I think we tried to dispatch with him in 511 based on Mike’s warning to Jack. David Costabile, who plays Daniel Hardman and is an amazing actor, is a series regular on the Showtime show Billions. We had very limited availability for him. They were very gracious and gave us an extra episode with him, but we didn’t have access to him in the back six, so we had to do that. Sometimes you’re glad you were forced into those choices — I like that it’s more about what’s going to happen to Mike as a result of these charges and less about another exterior power struggle and someone trying to take over the firm.
How is Anita Gibbs different from other foes Harvey and Mike have faced?
In one way, she’s different in that we haven’t had a Big Bad or Big Enemy that’s been a woman.
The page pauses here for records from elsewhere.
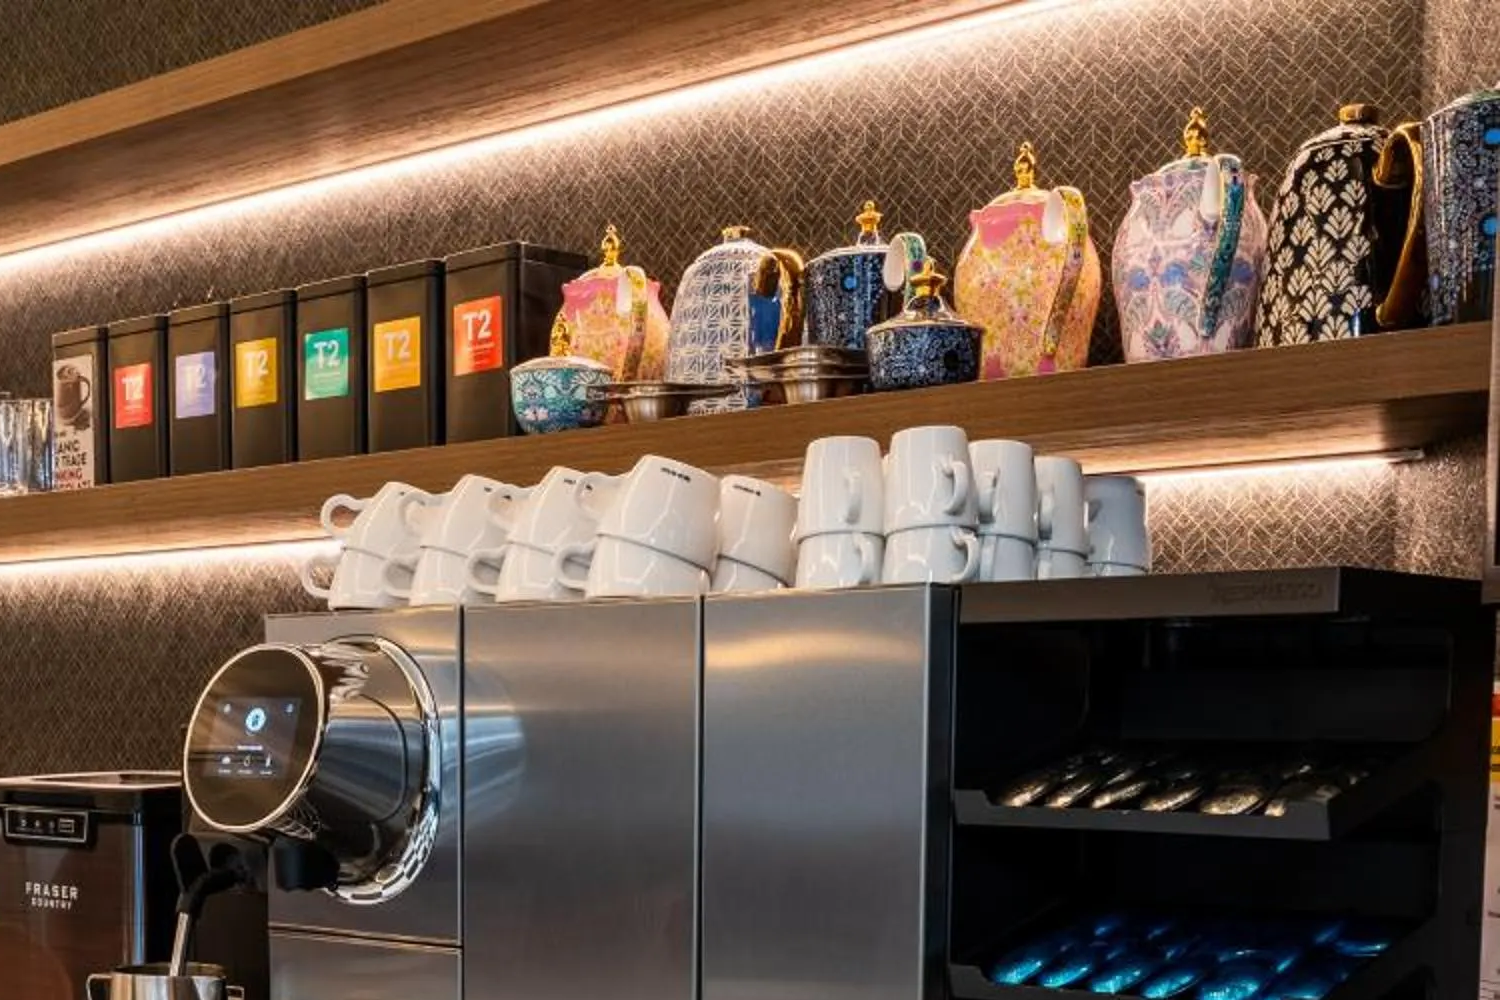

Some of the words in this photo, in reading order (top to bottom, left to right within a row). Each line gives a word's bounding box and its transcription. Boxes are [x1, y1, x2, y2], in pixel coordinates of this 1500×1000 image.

[461, 308, 493, 341] T2
[313, 339, 341, 369] T2
[384, 329, 411, 361] T2
[184, 363, 207, 393] T2
[243, 350, 269, 380] T2
[121, 374, 144, 401] T2
[25, 881, 79, 901] FRASER
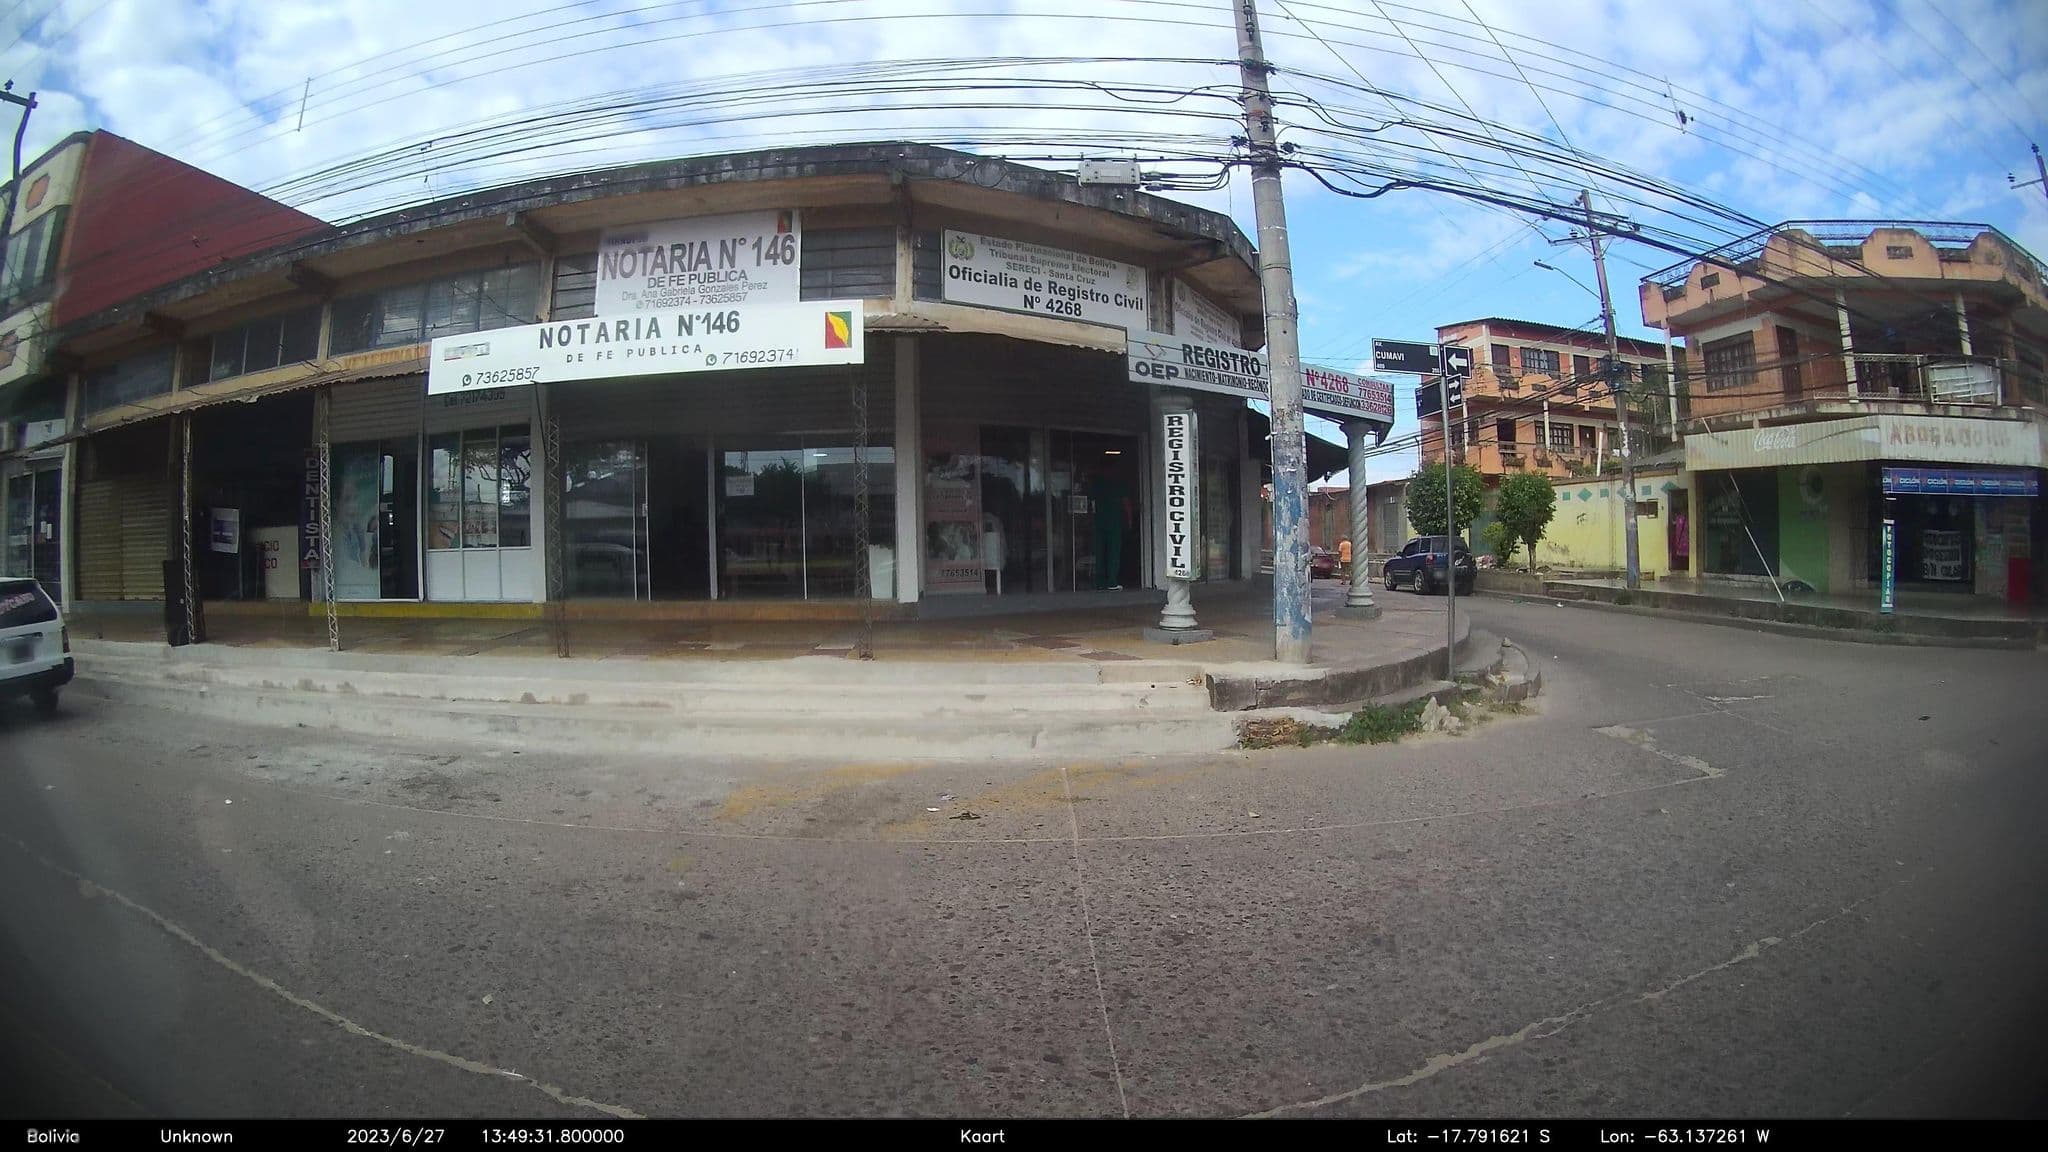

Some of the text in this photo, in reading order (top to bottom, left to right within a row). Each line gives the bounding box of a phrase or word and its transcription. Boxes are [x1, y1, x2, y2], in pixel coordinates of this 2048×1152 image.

[602, 240, 713, 281] NOTARIA
[752, 234, 796, 268] 146
[979, 236, 1013, 250] Estado
[1076, 252, 1087, 263] de
[988, 248, 1110, 279] Tribunal Supremo Electoral
[1005, 261, 1041, 276] SERECI
[1048, 268, 1074, 282] Santa
[1076, 273, 1097, 286] Cruz
[647, 269, 748, 289] DE FE PUBLICA
[948, 264, 1144, 311] Oficialia de Registro Civil
[644, 296, 692, 310] 71692374
[699, 292, 748, 305] 73625857
[1045, 298, 1083, 317] 4268
[538, 315, 662, 350] NOTARIA
[566, 344, 703, 364] DE FE PUBLICA
[721, 349, 794, 366] 71692374
[1375, 351, 1405, 361] CUMAVI
[475, 366, 540, 386] 73625857
[1135, 361, 1180, 380] OEP
[1182, 343, 1261, 376] REGISTRO
[1320, 370, 1350, 394] 4268
[304, 457, 320, 561] DENTISTA
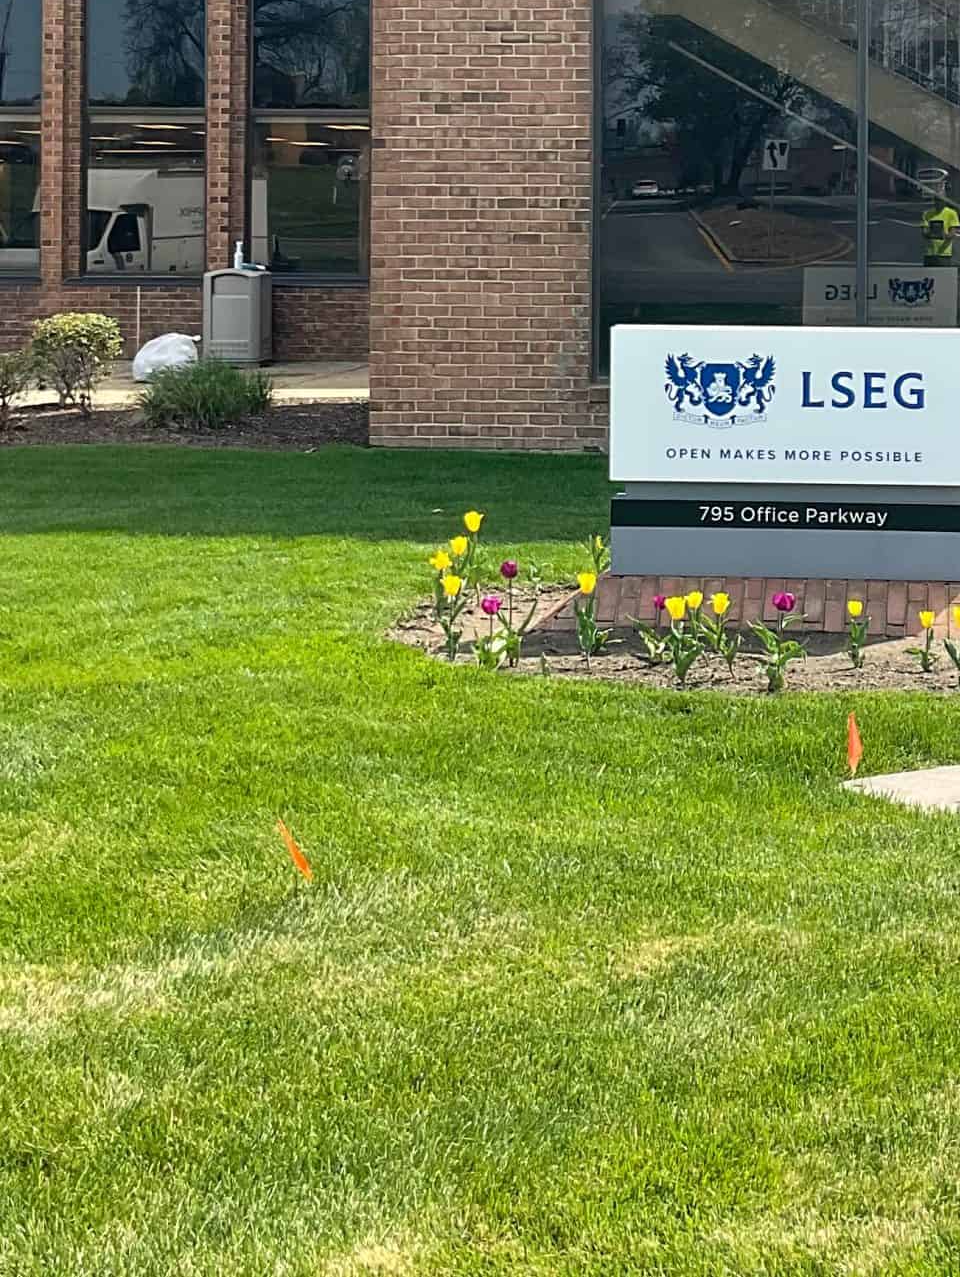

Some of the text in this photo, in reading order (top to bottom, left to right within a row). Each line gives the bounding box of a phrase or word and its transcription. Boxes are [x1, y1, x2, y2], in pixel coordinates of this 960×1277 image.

[801, 371, 925, 410] LSEG
[665, 447, 922, 463] OPEN MAKES MORE POSSIBLE
[698, 506, 888, 527] 795 Office Parkway
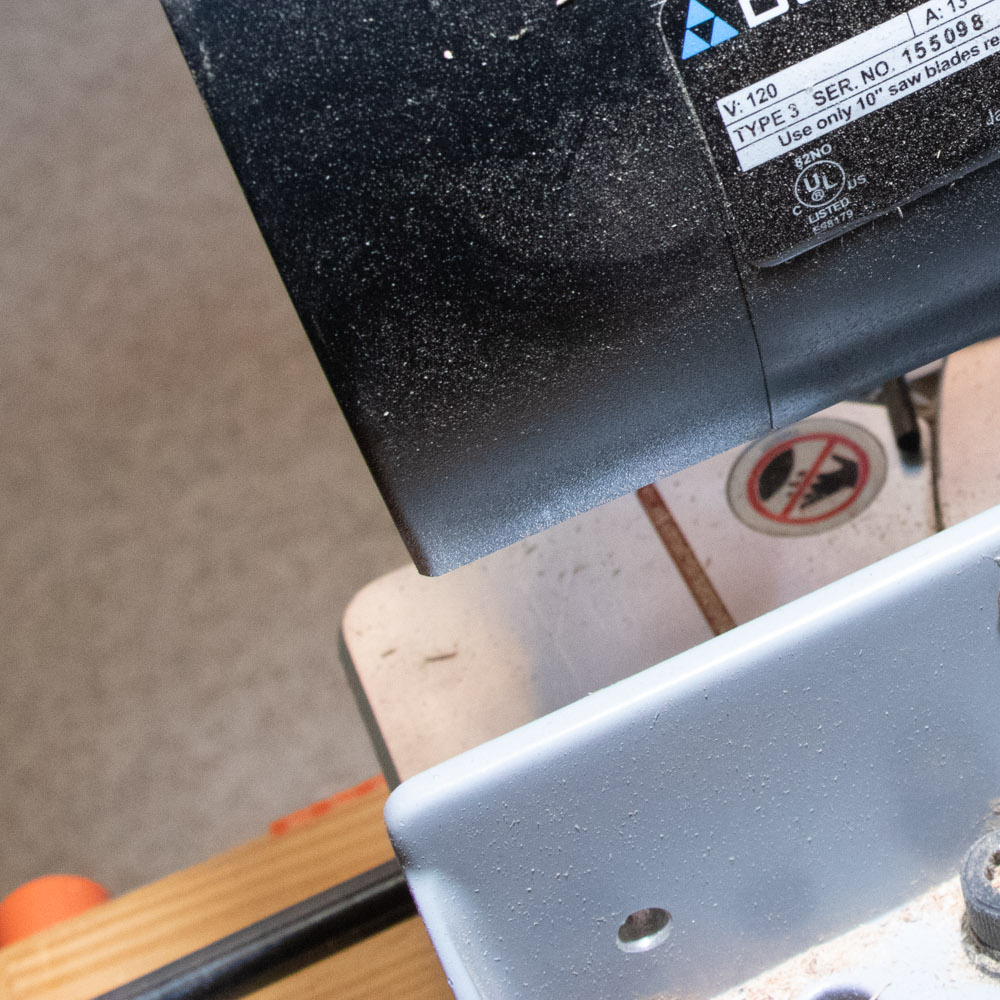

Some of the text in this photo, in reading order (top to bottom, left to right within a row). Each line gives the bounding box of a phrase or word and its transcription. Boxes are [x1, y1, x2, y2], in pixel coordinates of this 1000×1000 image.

[921, 5, 944, 25] A:
[732, 107, 786, 144] TYPE
[786, 102, 801, 119] 3
[811, 74, 858, 107] SER.
[859, 57, 895, 85] NO.
[900, 13, 986, 65] 155098
[723, 81, 779, 118] V: 120
[777, 120, 814, 148] Use
[814, 101, 855, 132] only
[852, 85, 886, 112] 10"
[886, 70, 923, 97] saw
[923, 42, 980, 79] blades
[793, 142, 833, 168] 82NO
[802, 167, 838, 196] UL
[807, 196, 852, 224] LISTED
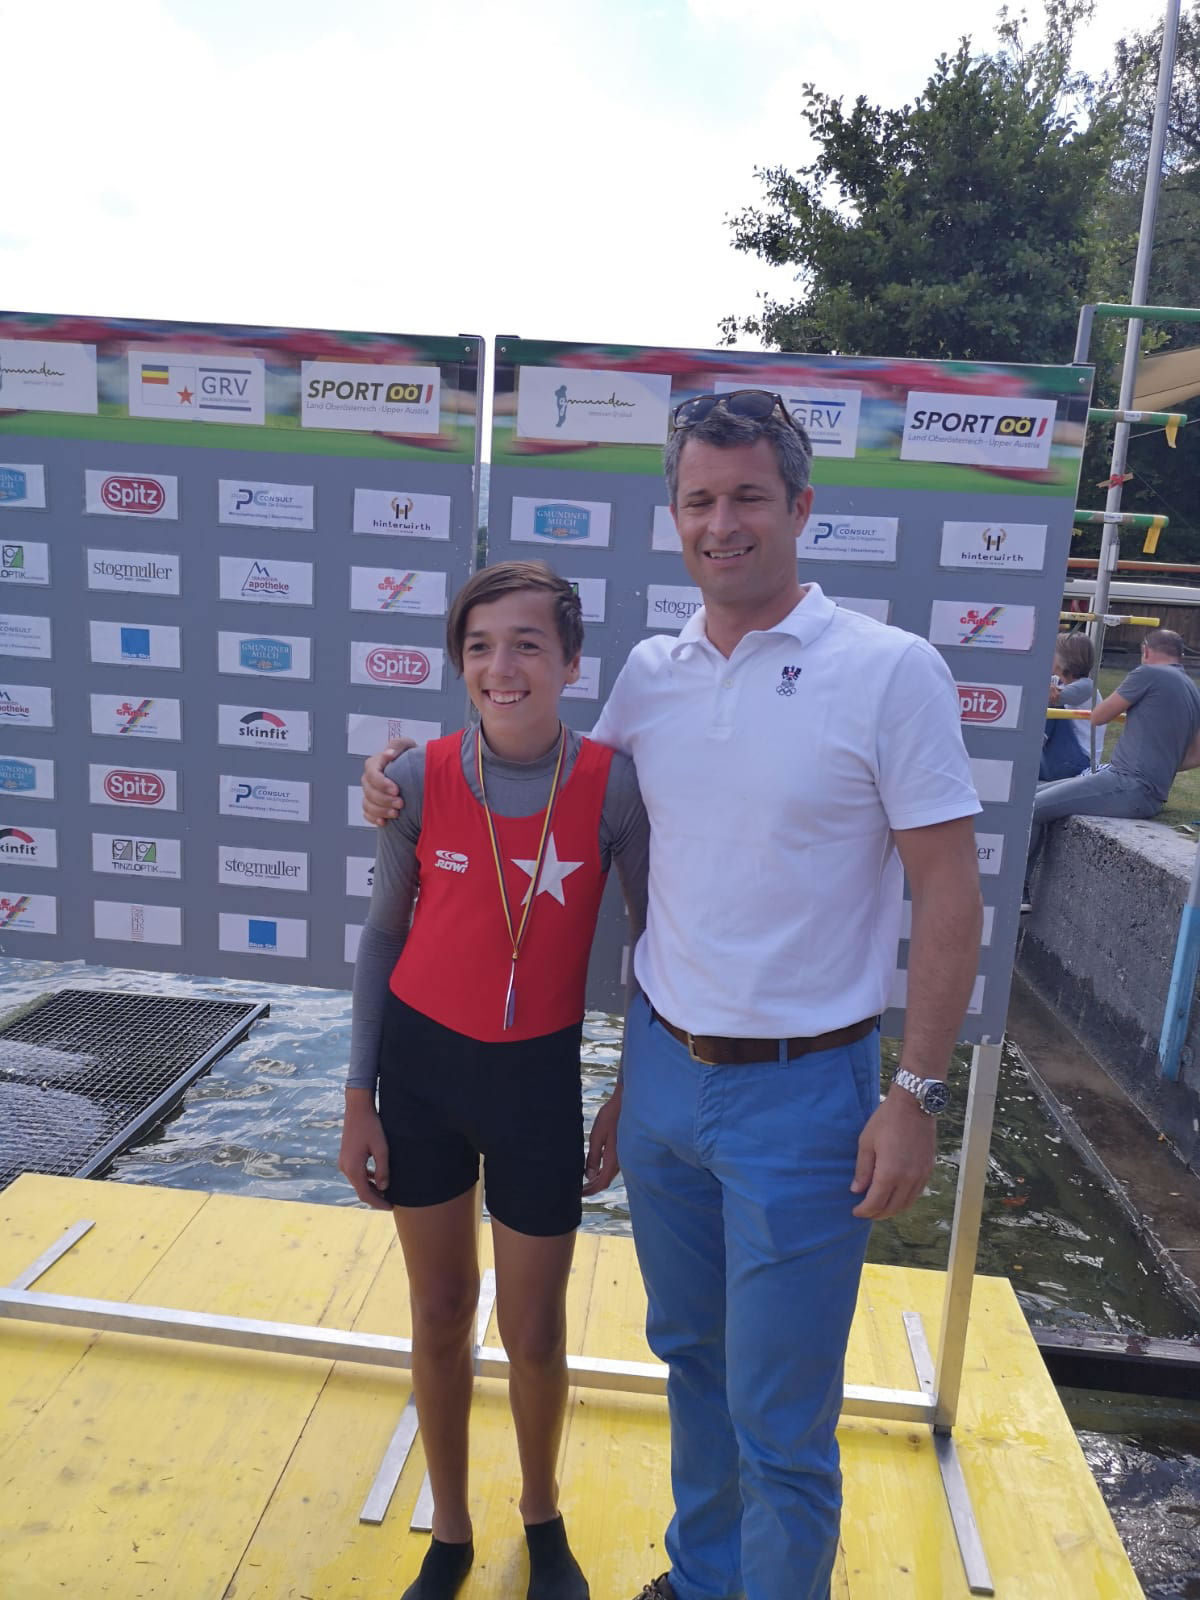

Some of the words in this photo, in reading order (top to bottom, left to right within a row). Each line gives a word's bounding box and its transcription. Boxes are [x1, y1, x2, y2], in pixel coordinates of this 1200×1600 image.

[201, 376, 248, 396] GRV
[307, 380, 383, 401] SPORT
[791, 408, 842, 428] GRV
[911, 410, 994, 434] SPORT
[108, 481, 158, 507] Spitz
[372, 519, 431, 531] hinterwirth
[839, 528, 877, 536] CONSULT
[961, 551, 1025, 562] hinterwirth
[248, 580, 290, 591] apotheke
[372, 653, 423, 677] Spitz
[239, 725, 287, 741] skinfit
[111, 775, 159, 798] Spitz
[257, 790, 290, 798] CONSULT
We’ve had formidable women who we’ve gone up against but no real foes. Anita’s not going to completely play by the rules, but she’s not corrupt. She won’t completely break the law to win.
Is she like a female version of Harvey?
She’s a bit more serious than he is, but she does have a sense of humor. Anita certainly wants to win this case, but we do reveal in later episodes that it’s not solely about winning for her. It’s also about how they did break the law and she’s trying to do the right thing. She says something interesting to Harvey coming down the line: “If you did this thing with him, what have you done over the years to stop yourself from getting caught.”
Scottie and Trevor returned in tonight’s episode. Can you tease who else will return?
I’ll say this: We’re going to see many, many past characters; some you’ll expect, and some you won’t. We’re going to see past love interests, no doubt about it, including Scottie (Abigail Spencer), Jeff Malone (D.B. Woodside), Sheila Sazs (Rachael Harris). We’re going to see past foes, past friends, a surprise or two appearance from some past associates at the firm.
Suits airs Wednesdays at 10 p.m. ET on USA.